# Italian Owls



## george simon (Feb 28, 2006)

HI ALL, Is there any one else out there that raises ITALIAN OWLS? GEORGE SIMON


----------



## george simon (Feb 28, 2006)

Well its been 5 days and it looks like I am the only breeder of ITALIAN OWLS PIGEONS. Hoped that there would have been some else that bred this fine little pigeon. george simon


----------



## Skyeking (Jan 17, 2003)

I'm sorry that no one responded to your thread, George.  

I am curious about them and sure would like to see what they look like. Can you post a pic or two..since you may be the only one who has them?  

Thanks!


----------



## stach_n_flash (Mar 15, 2006)

Im sorry no1 posted either i dont breed them ... good luck though


----------



## stach_n_flash (Mar 15, 2006)

ok i found a site with some one who does breed them the site is here 

http://images.google.com/imgres?img...&hl=en&lr=&rls=GWYA,GWYA:2005-44,GWYA:en&sa=N


----------



## Skyeking (Jan 17, 2003)

Wow, that is a neat looking bird, but does not look like the OWL I had pictured.

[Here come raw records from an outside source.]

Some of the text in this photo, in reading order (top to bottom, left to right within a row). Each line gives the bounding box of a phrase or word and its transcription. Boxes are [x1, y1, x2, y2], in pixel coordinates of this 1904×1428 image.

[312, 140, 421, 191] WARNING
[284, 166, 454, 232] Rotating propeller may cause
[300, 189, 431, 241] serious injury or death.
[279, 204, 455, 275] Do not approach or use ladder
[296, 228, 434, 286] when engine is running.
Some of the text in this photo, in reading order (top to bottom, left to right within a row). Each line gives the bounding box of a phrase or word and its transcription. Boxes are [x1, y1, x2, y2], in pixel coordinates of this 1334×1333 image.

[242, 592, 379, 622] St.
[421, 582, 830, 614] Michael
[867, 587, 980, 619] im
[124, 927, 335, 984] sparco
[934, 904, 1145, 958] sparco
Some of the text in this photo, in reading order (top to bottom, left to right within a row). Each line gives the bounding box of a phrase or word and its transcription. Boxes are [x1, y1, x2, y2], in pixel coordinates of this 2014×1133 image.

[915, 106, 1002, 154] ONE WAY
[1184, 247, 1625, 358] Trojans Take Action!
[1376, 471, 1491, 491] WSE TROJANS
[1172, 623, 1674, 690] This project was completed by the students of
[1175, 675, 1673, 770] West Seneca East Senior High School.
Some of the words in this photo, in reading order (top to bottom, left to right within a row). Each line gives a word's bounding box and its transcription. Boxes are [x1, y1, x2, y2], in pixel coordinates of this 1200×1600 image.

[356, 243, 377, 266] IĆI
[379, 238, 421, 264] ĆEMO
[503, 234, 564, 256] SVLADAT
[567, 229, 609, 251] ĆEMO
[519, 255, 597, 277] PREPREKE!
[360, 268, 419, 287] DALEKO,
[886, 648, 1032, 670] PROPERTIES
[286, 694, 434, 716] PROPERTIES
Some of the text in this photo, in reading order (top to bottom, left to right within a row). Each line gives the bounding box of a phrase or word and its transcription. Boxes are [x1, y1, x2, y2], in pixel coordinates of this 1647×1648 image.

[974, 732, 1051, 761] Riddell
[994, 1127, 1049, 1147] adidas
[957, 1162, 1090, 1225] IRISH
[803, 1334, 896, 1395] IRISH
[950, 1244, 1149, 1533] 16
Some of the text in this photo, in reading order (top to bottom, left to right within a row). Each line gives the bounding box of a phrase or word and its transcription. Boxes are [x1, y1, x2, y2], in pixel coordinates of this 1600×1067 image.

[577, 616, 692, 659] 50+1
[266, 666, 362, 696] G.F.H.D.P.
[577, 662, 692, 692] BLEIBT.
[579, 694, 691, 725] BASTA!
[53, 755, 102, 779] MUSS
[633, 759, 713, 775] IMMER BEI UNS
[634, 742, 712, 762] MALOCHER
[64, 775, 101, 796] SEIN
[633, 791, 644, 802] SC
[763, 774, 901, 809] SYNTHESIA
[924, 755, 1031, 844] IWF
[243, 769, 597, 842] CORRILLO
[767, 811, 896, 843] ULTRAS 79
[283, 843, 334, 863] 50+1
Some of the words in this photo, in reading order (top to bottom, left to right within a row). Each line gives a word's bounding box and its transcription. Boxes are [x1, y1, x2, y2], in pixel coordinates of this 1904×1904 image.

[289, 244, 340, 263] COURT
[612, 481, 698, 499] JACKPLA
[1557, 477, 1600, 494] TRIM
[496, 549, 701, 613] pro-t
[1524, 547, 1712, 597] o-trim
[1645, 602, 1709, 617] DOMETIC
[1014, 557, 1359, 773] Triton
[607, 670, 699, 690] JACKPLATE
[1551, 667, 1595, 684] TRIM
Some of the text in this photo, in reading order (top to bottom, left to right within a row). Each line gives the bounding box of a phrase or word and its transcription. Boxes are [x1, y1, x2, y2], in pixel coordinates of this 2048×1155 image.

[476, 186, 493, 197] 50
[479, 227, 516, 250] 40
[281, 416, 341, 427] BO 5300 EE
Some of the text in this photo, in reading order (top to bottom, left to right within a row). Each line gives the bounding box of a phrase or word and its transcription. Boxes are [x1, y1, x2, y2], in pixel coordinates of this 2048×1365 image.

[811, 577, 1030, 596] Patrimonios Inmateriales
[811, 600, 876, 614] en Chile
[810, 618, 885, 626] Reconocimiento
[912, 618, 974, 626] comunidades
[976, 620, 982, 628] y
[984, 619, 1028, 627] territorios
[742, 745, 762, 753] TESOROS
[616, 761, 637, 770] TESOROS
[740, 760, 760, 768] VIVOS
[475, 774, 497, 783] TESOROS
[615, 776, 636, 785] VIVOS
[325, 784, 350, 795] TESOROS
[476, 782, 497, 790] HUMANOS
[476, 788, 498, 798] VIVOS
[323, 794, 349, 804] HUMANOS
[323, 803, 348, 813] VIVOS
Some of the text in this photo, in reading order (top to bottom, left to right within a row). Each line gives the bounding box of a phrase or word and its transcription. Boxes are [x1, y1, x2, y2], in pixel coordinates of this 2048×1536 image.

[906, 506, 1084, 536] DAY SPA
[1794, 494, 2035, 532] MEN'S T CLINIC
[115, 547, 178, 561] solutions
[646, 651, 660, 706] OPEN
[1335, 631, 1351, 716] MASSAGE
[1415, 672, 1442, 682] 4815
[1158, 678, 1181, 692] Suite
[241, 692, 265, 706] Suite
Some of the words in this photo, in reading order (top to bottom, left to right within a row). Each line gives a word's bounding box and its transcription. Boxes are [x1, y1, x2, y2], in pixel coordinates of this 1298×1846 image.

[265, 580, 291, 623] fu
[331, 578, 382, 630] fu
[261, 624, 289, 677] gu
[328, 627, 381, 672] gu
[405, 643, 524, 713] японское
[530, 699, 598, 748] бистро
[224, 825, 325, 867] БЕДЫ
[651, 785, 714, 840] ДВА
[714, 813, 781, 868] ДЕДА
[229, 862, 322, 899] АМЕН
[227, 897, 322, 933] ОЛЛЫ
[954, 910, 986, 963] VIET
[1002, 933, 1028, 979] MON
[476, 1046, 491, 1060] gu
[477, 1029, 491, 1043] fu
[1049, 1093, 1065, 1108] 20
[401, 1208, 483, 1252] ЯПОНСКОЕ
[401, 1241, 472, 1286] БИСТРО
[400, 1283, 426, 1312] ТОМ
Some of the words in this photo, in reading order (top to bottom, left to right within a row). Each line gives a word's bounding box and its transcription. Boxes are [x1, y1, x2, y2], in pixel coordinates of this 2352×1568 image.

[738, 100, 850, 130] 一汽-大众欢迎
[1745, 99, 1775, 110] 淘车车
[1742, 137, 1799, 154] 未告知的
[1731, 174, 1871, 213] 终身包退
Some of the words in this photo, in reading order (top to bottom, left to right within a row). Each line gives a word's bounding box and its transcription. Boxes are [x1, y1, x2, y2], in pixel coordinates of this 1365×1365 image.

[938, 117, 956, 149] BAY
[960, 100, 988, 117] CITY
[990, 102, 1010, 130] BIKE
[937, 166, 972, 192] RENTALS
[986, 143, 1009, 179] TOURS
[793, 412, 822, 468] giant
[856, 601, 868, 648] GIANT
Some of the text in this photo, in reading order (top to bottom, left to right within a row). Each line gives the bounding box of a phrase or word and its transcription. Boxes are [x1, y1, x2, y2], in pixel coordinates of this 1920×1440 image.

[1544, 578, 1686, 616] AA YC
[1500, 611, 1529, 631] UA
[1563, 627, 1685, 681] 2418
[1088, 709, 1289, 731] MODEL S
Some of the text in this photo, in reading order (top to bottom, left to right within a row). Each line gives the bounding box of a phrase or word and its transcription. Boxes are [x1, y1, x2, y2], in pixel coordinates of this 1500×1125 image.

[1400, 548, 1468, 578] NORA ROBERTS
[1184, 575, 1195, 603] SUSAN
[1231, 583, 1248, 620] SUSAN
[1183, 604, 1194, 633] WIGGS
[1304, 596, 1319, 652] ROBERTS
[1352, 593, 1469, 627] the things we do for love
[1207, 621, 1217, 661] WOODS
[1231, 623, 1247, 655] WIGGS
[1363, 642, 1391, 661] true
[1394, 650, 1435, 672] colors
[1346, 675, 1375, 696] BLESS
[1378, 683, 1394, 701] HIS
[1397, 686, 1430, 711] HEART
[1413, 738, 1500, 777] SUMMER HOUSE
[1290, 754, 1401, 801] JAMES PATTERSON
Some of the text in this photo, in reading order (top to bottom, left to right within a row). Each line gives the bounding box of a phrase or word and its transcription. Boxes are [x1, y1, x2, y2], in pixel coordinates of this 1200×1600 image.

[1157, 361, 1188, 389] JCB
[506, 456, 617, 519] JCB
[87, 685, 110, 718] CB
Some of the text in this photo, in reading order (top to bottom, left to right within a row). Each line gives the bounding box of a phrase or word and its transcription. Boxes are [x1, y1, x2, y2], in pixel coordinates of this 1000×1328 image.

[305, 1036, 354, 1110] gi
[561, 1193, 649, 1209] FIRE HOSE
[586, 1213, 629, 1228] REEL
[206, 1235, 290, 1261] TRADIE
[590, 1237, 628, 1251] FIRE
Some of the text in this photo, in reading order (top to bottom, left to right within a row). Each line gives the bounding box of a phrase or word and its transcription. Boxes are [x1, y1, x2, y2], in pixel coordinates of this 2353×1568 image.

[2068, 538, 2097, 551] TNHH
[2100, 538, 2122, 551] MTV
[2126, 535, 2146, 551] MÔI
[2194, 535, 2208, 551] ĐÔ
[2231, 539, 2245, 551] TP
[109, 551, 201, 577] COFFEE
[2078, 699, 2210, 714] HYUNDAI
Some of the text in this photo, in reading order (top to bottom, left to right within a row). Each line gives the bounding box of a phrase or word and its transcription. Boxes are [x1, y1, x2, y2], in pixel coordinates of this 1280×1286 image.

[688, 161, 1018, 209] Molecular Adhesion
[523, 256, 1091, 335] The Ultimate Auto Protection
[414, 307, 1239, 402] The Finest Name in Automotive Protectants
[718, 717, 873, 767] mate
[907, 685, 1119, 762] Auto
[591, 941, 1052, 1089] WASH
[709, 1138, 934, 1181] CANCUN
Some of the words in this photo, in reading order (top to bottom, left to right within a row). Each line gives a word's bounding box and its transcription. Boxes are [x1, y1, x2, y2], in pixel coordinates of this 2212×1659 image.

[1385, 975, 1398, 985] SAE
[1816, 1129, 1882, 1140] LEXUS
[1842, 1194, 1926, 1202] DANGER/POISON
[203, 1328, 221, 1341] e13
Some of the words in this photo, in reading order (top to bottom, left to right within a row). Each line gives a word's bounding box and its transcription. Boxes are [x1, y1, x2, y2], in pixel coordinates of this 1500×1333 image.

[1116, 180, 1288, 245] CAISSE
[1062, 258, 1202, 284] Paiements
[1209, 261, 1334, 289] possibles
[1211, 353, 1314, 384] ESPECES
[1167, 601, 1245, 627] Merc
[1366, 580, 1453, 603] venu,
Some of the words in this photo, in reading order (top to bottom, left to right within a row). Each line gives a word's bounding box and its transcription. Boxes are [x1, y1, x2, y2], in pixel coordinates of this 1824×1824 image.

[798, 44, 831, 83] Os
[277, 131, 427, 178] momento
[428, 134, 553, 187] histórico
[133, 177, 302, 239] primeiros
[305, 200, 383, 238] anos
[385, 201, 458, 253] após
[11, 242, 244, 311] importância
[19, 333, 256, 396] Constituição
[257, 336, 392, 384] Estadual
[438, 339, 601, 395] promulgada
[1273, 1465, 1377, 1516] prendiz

Thank you stach n flash for locating the picture of the Italian owls.


----------



## stach_n_flash (Mar 15, 2006)

lol i thought it would look like an owl too but i dunno it says italian owl  your welcome


----------



## stach_n_flash (Mar 15, 2006)

i have a better site i just found its right here ...

http://images.google.com/imgres?img...&hl=en&lr=&rls=GWYA,GWYA:2005-44,GWYA:en&sa=N

the pics of italian owls are at the bottum  i think their are three in a row


----------



## stach_n_flash (Mar 15, 2006)

my hen laid her 1st egg yesterday  lol im lucky cuz thats the day i placed 1st in the track meet well her 2nd should be here to night or tommarow ill try to get a pick with her and the egg or eggs havnt checked again yet


----------



## stach_n_flash (Mar 15, 2006)

well im also happy to say im on my way to haveing 100 posts :d im on number 97 

my other news is that my set of blue bars laid their eggs but rejecteded them cuz i had to split their cage


----------



## bluecheck (Aug 17, 2006)

George,

Just want to let you know that as of last Sunday, I finally have at least one pair of Italian Owls. I picked up the red check cock and blue check hen that Steve Brice had. 

Frank

"Whether one believes in a religion or not, and whether one believes in rebirth or not, there isn't anyone who doesn't appreciate kindness and compassion." His Holiness the Dalai Lama


----------



## george simon (Feb 28, 2006)

*Frank those are two birds that I gave Steve or young from the pair I gave him, all those that I had at the show are from my base pair. I want to thank you for helping us during the judging.had I known that you were looking for Italian Owls I would have given you a pair of those that I had at the show.* GEORGE


----------



## spirit wings (Mar 29, 2008)

george simon said:


> *Frank those are two birds that I gave Steve or young from the pair I gave him, all those that I had at the show are from my base pair. I want to thank you for helping us during the judging.had I known that you were looking for Italian Owls I would have given you a pair of those that I had at the show.* GEORGE


I do not have Italian owls, but the breeder I know that I get my figs from does, I think he has some very nice birds as he has shown me some pics on some flyers and mags of his birds that won some shows...his name is Leon Tucker here in Va...thats about all I know, he also is starting some portuguese tumblers and brought a pair to show me when I met him....they are so small and colorful...They are in my future also......I just noticed the post is from 2006...I guess you know someone who does now..


----------



## bluecheck (Aug 17, 2006)

I know that George. It was sort of a last minute thing when Grieble told me that Steve wanted to find a good home for the pair. I may hit you up for a pair in a few months, let me see if I can get this pair going. I'm just hoping that they also carry bar, since I'm partial to blue bars anyway.

Frank


----------



## george simon (Feb 28, 2006)

* Frank, the the sire of those two birds carries blue and dilute and they have given me some bar birds. I hope that the cock you have will be carring those factors.Right now I have only two blue bars one of which I plan on mating to a grizzle that I have, I want to have some blue grizzles for next years show.* GEORGE


----------



## bluecheck (Aug 17, 2006)

Thanks for the info, George. I'll keep you informed of what pops out.
Frank


----------